We both worked for several more years, wanting to “get established” before
starting a family. We decided it would be best for him to get his master’s
degree so that we could afford for me to quit working and be a
stay-at-home mom. Josh was accepted into the master’s program which took
a little over two years to complete.

After receiving his masters, we relocated to Tennessee. We had found our
dream town, our dream house, and our dream church. Finally! We were
ready to start trying to have children. A family was everything we needed
to complete what we had worked so hard for all these years. It would be
so easy right? We didn’t realize while focusing on our careers, we were
using the few “good years” we had left to get pregnant on our own. We were
still so young.

After trying for a year on our own and with clomid, our ob/gyn referred us
to an infertility specialist. After numerous IUI attempts, and two failed
IVF attempts, our beloved doctor passed away from cancer. We had to start
over using his partner in the practice. This doctor informed us there
wasn’t anything more he could do and suggested third party reproduction.

Since moving to Tennessee, we had developed a close circle of friends.
Three of these dear friends offered to be a donor for us. Still believing
we could conceive on our own, we had never discussed third party reproduction
as a serious possibility. However, after much prayer and consideration, we
asked our friend who was most like a sister to me if she was still willing to
go through with her generous offer. She said yes, and excitedly we called the
doctor to make an appointment. He informed us he would not do “known donor”
transfers but only used donors provided by their clinic. We found a doctor
an hour away that would do the procedure.
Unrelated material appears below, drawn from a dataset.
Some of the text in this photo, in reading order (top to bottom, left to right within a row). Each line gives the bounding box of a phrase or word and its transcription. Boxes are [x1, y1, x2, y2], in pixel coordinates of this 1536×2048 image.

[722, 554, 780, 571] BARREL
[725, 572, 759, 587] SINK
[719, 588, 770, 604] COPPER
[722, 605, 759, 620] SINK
We had 6 embryos with our donor. We transferred 3, which did not result
in pregnancy. Our 3 remaining embryos did not survive the thawing process.
Disappointed but determined to press on, we researched different options
online. We had previously come across the NEDC website while researching
IVF with our donor. We had also considered traditional adoption, but felt
embryo adoption gave us the possibility to become pregnant and bond with
the child from birth. We contacted the NEDC in March of 2011 and another
door opened for us.

Starting the process of embryo adoption seemed daunting at first. How do
we get started, how do we apply and go through the process of adoption,
how long will it take? After our 3rd failed IVF attempt with my friend’s
oocytes, Josh and I decided it was time to move on to embryo adoption. We
felt God led us here and it was the next logical step.
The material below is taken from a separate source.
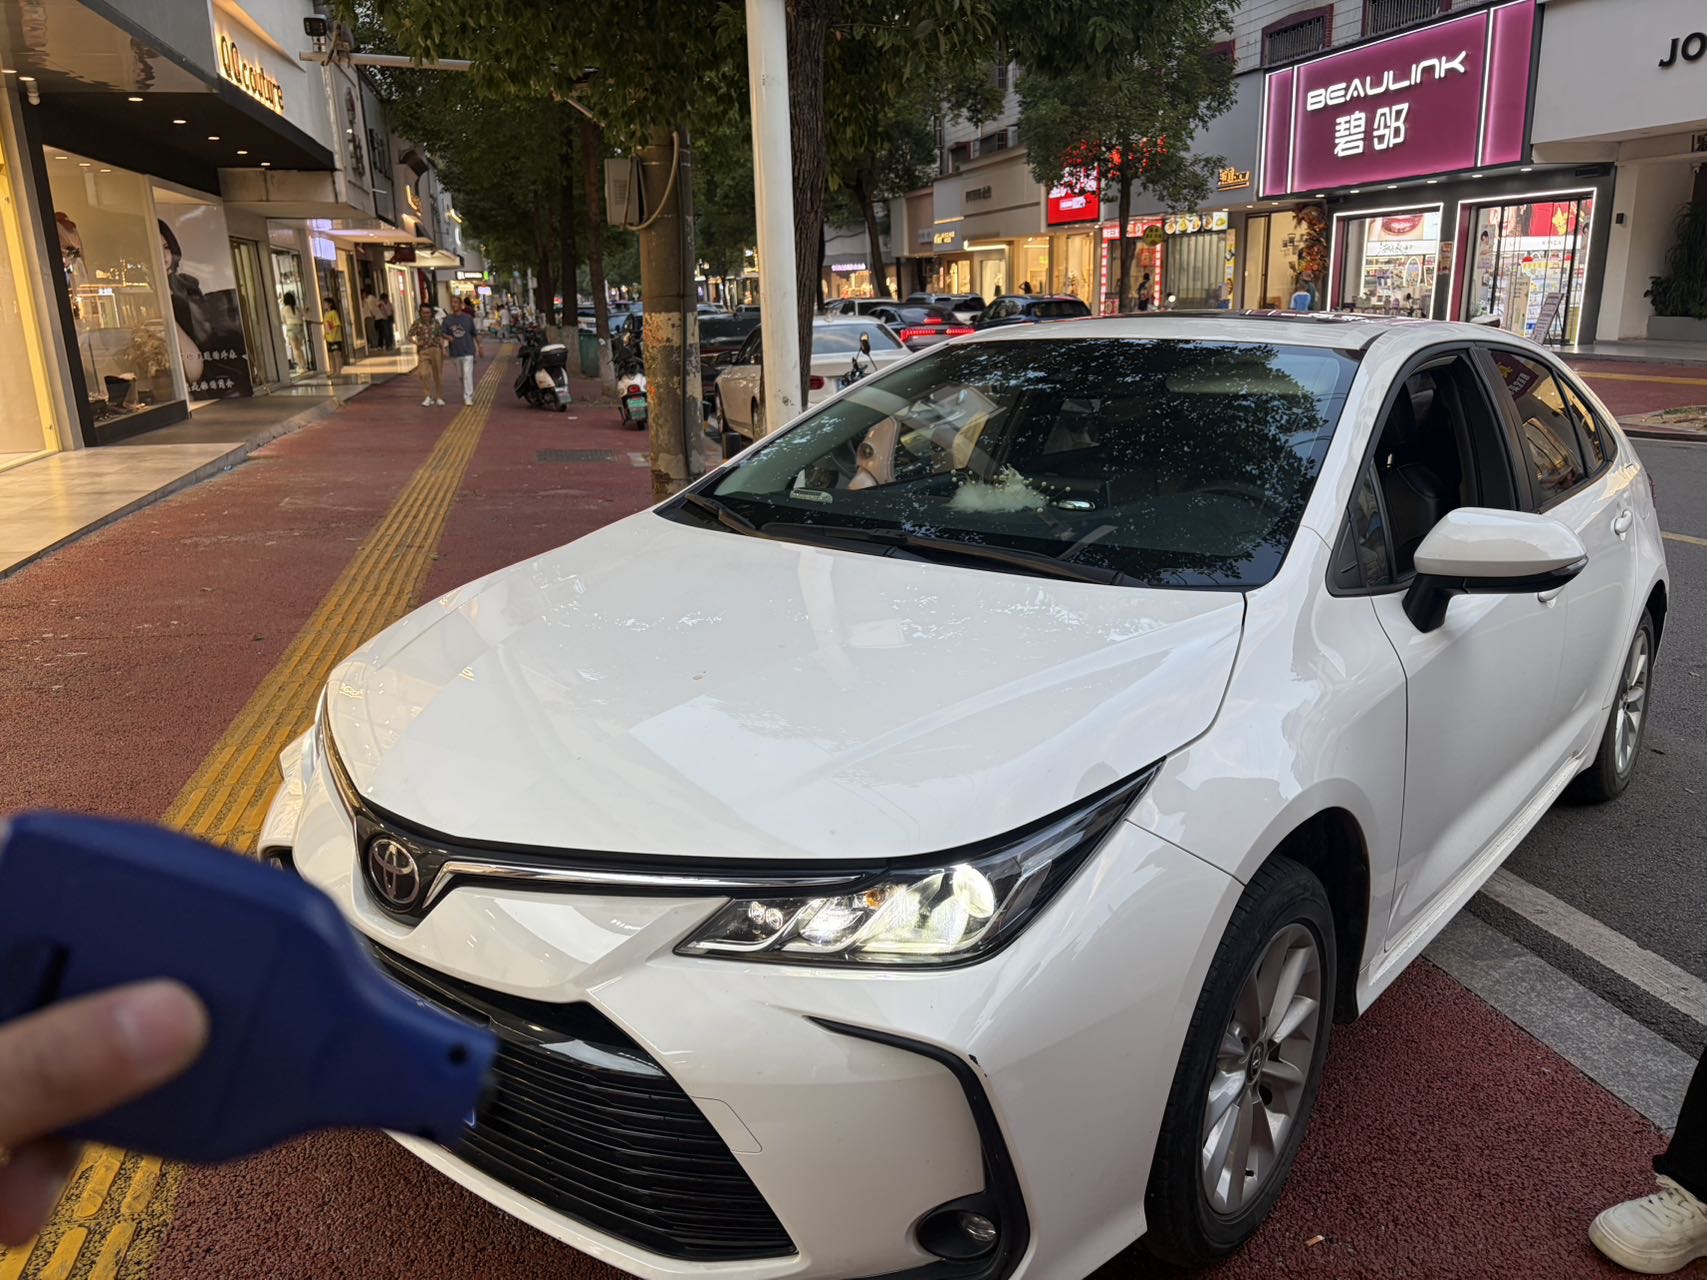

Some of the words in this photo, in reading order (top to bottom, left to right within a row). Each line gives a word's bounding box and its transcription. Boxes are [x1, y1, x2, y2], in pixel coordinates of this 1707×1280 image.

You see, going through the IVF with our friend was not an easy decision.
It was prayed about by all three of us, and many in our church were
standing in prayer with us. There were many things to consider. Would she
think we would be good parents? Would she feel like the child was really
hers and eventually want to be more involved? After all, we live in a
small community and are very close friends. But… God gave us a peace,
“Trust Me” is what would come over me when I prayed. The negative
pregnancy result was devastating because everyone who had been praying for
us felt this was God leading us. So how could it be negative? We were so
sure we had heard Him right. But, it was part of a “Greater” plan.

Many couples need a break after a failed cycle. For me, when I was not in
the middle of an IVF cycle it was torture. It felt like time was ticking
and there was nothing I could do to stop it. Being in the midst of an IUI or
IVF cycle was like therapy. It meant we were getting somewhere.. we were
making progress. Downtime was unbearable. So immediately after the
negative result I had to have a plan. I remembered coming across the NEDC
website when Josh and I were researching information on donor IVF.
We didn’t think much about it at the time, because we were so sure
this time it was going to work.

That is where looking back, I can see God’s hand in it all! Just coming
to the place where we were willing to use a donor meant acceptance. It
meant closure to a dream. A dream of a biological child of my own. It meant
never seeing my own eyes in my son or daughter. It meant knowing they
would never have my little quirks (which BTW can be a good thing). It
meant admitting that my body had failed me. Also, it meant all those
years preparing the nest to be more educated, more mature, and more
financially stable; didn’t exactly fall in line with our plan. But it was
not our plan, God was using those years for His vision and His timing. We
never questioned waiting. We never thought we’d have a problem conceiving.
We always had a peace that when the time came to start a family, we’d be
ready and everything would work out. And it did, just not the way we had
envisioned.

Had God never allowed us to go through this with our donor, we may not
have come across the NEDC. He used that time to prepare me. Not only would
I never see my eyes in my child, or my quirks, but my husband’s either.
But that we would come to the place where being a parent is more than
what you envision your child to be. It is embracing the child God had planned for
you all along, in His time. He used every clomid cycle (12 in all), 13
failed IUI’s and 3 IVF attempts (one more to come later) to bring us
to a place of acceptance of His plan. But it is more than acceptance. It
is elation, exuberance, and complete joy!! We are now 6 months pregnant
with our first child due in December.

I want to give you a “very basic” timeline of our first contact with the
NEDC to pregnancy, because if you are reading this you probably have a
similar story of heartbreak and disappointment. This timeline
will be different for everyone as there are many factors involved.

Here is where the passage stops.